Developmental Dysregulation of Synaptic and Myelin-Related Genes in Frontal Cortex and Serum Infrared Spectroscopy Signature in the Valproic Acid Model of Autism

Neural circuits emerge during development through dynamic interactions between genetic instructions and environmental cues that shape cell fate, connectivity, and the timing of myelination. In developmental disorders such as autism, abnormalities in sensory processing, social cognition, and motor behavior are thought to arise from disruptions in these processes. Here, we investigated early-life molecular changes following prenatal exposure to valproic acid (VPA), an environmentally induced model of autism. We integrated cortical gene expression analysis using RNA sequencing/qPCR, alternative splicing profiling, in situ myelin quantification, plasma serotonin determination, and machine learning-assisted classification of blood serum molecular profiles using infrared spectroscopic (FTIR) data. Our findings revealed downregulation of myelin-associated genes and upregulation of synapse-related genes in the frontal cortex of young VPA-exposed rats. qPCR confirmed reduced cortical expression of Mobp and PLP1 along with increased Penk and C1ql3 expression. Alternative splicing analysis identified numerous novel transcript variants, enriched in synaptic-related genes, indicating widespread post-transcriptional remodeling in VPA animals. These molecular alterations were accompanied by a significant reduction in myelin content within the cingulate and motor cortex of adult animals. Peripheral molecular profiling showed elevated plasma serotonin in VPA-treated animals and demonstrated that a support vector machine trained on serum FTIR spectra classified VPA-exposed animals with 85% accuracy.

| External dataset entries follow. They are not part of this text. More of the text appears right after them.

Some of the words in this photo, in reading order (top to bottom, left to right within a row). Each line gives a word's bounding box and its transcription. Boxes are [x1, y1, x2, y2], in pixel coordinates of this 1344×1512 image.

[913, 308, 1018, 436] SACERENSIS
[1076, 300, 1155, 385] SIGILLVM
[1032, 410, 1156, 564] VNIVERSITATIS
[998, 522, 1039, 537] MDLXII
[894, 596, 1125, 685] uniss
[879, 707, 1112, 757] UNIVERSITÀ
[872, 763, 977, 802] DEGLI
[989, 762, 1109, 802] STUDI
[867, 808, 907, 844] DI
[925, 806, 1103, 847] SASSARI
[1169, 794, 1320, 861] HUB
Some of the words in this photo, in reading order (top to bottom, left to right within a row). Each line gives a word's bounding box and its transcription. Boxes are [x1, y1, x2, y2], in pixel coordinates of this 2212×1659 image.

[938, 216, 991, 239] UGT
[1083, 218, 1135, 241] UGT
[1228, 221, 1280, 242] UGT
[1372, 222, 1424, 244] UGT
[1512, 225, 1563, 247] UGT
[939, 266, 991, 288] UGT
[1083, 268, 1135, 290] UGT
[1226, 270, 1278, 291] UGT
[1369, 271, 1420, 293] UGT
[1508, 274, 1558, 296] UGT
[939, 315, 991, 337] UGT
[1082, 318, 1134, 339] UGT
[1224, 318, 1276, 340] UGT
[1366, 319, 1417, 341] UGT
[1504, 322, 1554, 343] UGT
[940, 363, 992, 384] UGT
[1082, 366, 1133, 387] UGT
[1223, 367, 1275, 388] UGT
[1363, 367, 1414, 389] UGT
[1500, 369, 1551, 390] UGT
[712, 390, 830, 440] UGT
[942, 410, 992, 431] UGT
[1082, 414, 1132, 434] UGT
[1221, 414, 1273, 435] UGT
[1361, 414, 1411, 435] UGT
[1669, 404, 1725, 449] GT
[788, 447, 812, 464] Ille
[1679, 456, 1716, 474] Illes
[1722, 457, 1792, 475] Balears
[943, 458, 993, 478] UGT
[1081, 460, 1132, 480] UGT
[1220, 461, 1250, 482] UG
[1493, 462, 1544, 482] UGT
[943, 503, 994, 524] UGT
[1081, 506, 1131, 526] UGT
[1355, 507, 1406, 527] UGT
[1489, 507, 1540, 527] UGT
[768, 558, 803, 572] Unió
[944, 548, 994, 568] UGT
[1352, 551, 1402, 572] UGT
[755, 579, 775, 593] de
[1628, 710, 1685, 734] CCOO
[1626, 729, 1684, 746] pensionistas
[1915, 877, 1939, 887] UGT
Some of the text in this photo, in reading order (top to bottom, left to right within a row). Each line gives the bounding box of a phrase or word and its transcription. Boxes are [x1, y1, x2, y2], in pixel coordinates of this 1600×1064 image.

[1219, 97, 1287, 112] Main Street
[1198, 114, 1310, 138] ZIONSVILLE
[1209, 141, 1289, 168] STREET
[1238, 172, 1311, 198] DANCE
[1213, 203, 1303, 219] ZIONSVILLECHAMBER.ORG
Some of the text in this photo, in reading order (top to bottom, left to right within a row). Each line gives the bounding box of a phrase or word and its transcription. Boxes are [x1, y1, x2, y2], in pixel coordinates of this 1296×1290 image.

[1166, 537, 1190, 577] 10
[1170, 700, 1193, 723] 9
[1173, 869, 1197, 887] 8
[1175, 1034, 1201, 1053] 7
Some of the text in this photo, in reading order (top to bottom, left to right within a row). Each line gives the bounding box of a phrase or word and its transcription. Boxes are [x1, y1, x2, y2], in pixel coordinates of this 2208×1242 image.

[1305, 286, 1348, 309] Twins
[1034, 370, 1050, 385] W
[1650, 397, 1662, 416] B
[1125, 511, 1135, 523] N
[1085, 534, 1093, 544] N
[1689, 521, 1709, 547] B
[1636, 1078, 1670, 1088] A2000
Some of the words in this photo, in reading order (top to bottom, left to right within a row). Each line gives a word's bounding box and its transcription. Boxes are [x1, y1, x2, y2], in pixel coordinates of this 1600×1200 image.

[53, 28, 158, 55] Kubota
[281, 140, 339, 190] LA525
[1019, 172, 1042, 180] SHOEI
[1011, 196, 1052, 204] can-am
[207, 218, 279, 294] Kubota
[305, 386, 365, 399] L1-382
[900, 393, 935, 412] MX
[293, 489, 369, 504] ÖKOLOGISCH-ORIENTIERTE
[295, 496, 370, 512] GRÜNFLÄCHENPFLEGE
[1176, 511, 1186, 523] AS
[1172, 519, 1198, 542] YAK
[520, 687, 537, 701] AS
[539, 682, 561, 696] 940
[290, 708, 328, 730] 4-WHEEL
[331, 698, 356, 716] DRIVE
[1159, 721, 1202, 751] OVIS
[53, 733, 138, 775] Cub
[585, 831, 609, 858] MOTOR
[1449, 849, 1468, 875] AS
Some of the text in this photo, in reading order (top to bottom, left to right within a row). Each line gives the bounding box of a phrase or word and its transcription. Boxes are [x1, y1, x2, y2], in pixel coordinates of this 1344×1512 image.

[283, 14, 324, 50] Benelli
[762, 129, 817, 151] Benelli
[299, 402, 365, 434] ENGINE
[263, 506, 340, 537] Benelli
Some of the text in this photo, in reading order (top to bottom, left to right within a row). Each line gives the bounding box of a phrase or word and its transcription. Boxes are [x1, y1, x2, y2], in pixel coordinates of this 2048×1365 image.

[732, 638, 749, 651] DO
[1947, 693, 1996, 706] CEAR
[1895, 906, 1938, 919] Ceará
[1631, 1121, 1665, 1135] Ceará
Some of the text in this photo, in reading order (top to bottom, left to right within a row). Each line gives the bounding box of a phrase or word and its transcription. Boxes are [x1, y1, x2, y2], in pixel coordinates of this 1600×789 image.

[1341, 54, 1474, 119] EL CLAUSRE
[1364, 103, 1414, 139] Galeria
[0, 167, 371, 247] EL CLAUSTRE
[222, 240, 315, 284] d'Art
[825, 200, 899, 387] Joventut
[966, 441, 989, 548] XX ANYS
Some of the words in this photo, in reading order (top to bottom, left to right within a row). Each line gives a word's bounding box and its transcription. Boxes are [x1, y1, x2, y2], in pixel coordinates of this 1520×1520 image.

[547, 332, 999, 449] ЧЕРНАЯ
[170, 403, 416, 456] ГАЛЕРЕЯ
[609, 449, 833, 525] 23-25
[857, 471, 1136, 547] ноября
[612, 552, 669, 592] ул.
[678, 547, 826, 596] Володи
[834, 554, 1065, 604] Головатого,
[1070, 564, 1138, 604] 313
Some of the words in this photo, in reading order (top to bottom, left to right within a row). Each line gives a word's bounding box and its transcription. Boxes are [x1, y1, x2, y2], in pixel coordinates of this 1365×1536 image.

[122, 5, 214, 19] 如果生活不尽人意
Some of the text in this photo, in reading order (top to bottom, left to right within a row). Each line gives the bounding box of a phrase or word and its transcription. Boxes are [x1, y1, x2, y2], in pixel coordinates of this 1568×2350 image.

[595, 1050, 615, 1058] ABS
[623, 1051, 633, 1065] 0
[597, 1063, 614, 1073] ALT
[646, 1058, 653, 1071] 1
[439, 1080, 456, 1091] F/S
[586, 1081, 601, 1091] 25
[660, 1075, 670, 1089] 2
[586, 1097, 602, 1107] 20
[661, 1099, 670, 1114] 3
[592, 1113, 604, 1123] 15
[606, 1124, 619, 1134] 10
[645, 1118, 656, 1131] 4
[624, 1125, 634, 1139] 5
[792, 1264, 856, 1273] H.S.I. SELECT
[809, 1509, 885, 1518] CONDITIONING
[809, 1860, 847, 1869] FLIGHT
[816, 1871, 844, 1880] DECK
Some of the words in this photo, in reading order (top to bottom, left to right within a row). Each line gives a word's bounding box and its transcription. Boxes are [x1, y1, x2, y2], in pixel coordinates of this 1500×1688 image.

Collectively, our findings suggest that prenatal VPA exposure induces early dysregulation of myelin organization, synaptic gene networks, and RNA splicing programs, potentially leading to long-term impairments in neuronal communication and processing efficiency. Furthermore, our results highlight serum spectroscopic signatures as promising peripheral biomarkers for autism, warranting further investigation.